- Original Playbill
- Music: Robert Emmett Dolan
- Lyrics: Johnny Mercer
- Book: Ian McLellan Hunter Ring Lardner Jr.
- Basis: Ben Jonson's play Volpone
- Productions: 1964 Broadway

= Foxy (musical) =

Foxy is a musical with a book by Ian McLellan Hunter and Ring Lardner Jr., lyrics by Johnny Mercer, and music by Robert Emmett Dolan.

Based on Ben Jonson's Volpone, it transports the original play's setting of early-17th century Renaissance Venice to the Yukon during the gold rush of 1898. When prospector Jim Fox confides in buddies Bedrock, Shortcut, and Buzzard that he's discovered a mother lode in the Klondike River, they set off to claim it as their own. Foxy and con man Doc Mosk join forces to swindle the greedy trio out of their stolen wealth. The two arrive in the Yukon with an enormous chest they claim is filled with gold and announce that Foxy is dying and looking to name an heir. As expected, the three begin to cater to their pal's every whim in the hope they'll be selected.

Subplots focus on Doc's affair with local madam Brandy; destitute Celia, who decides to sell herself to the highest bidder; and Bedrock's son Ben, who returns from Dartmouth College in time to save Celia and become involved in Foxy's shenanigans.

==Background==
Foxy was conceived by the Canada-born producer Robert Whitehead for a 70th-anniversary commemoration of the Yukon Gold Rush, and tailored to the comic talents of Bert Lahr. Co-produced by the Government of Canada, "Foxy" opened about as far from Broadway as possible - in a rehabilitated opera house, the Palace Grand, in the Yukon Territory town of Dawson City. The government's dream of promoting tourism in this remote area proved to be a folly, and the show played - for seven weeks - to mostly empty houses, losing its entire $400,000 investment.
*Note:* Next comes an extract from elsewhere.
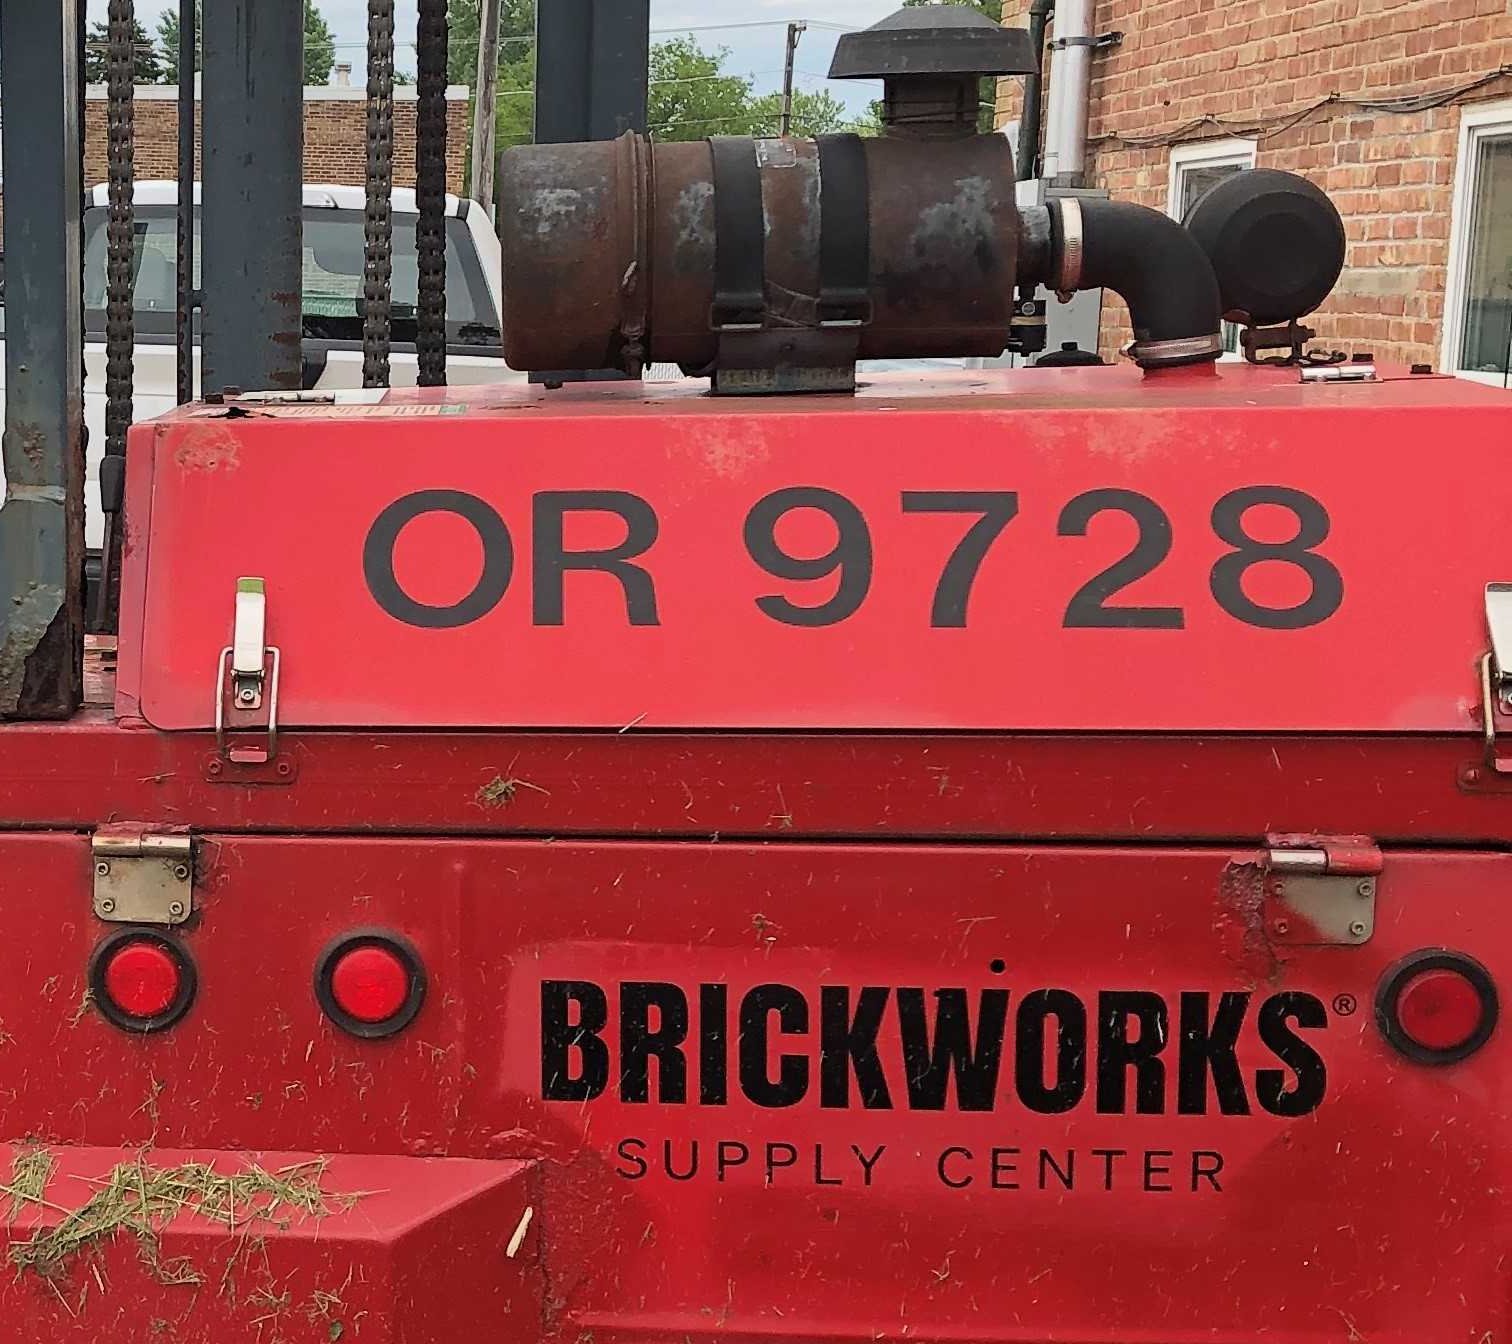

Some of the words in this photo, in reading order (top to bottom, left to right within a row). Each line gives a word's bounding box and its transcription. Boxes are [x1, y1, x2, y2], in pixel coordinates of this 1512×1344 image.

[363, 488, 661, 629] OR
[742, 486, 1345, 631] 9728
[616, 1138, 887, 1186] SUPPLY
[937, 1146, 1224, 1193] CENTER
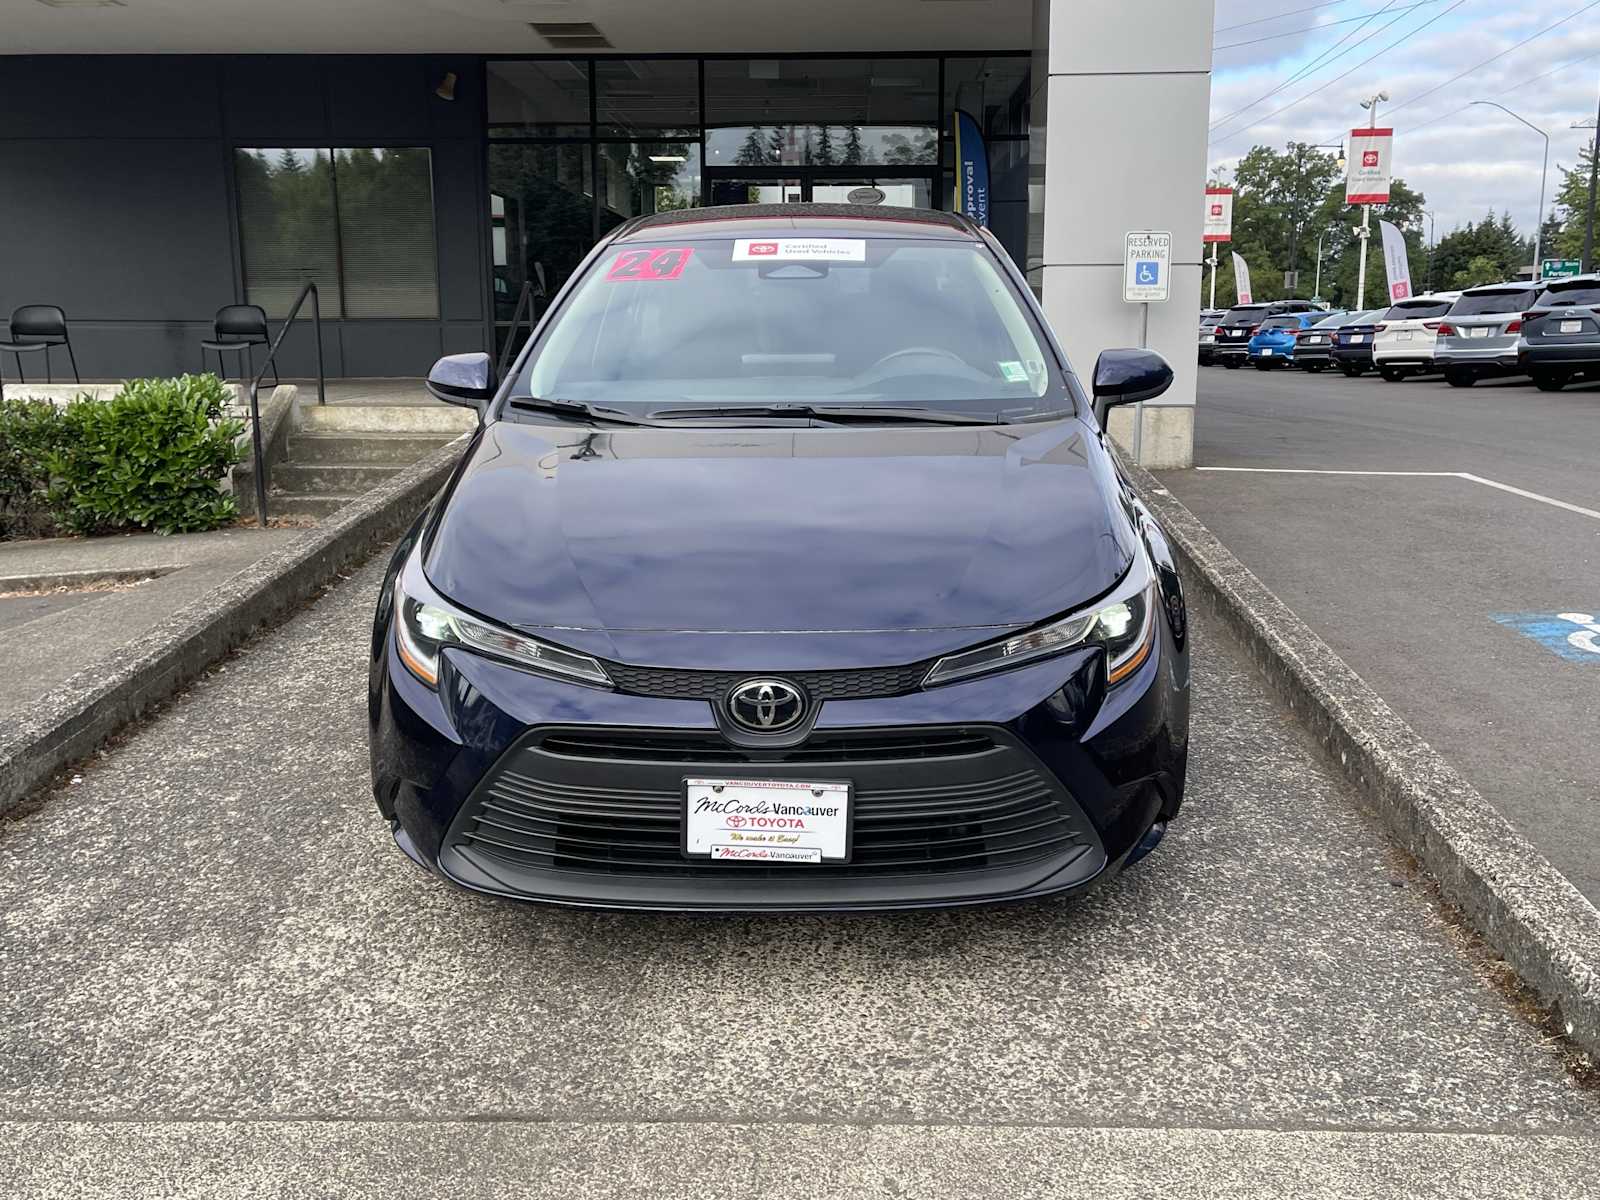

The New York Times reported the show's losses as $340,000.

Lahr returned to New York City and signed for S. J. Perelman's The Beauty Part. The following season, however, producer David Merrick decided to mount a production on Broadway. The book was revamped, and seven new songs were added to the score.

==Productions==
The Broadway production, directed by Robert Lewis and choreographed by Jack Cole, opened on February 16, 1964 at the Ziegfeld Theatre, where it ran for 72 performances. In addition to Lahr, the cast included Larry Blyden as Doc, Robert H. Harris as Bedrock, Gerald Hiken as Shortcut, Edward Greenhalgh as Buzzard, Cathryn Damon as Brandy, Julienne Marie as Celia, and John Davidson as Ben.

Foxys failure was due less to critical reaction, which for the most part was favorable, and more to Merrick's lack of interest in the project. His Hello, Dolly! had opened the month before, and he was too involved with its immediate success to devote any time or money to promoting the less promising effort. Additionally, the Ziegfeld was off the beaten Broadway track, losing walk-in business to venues more centrally located in the theatre district.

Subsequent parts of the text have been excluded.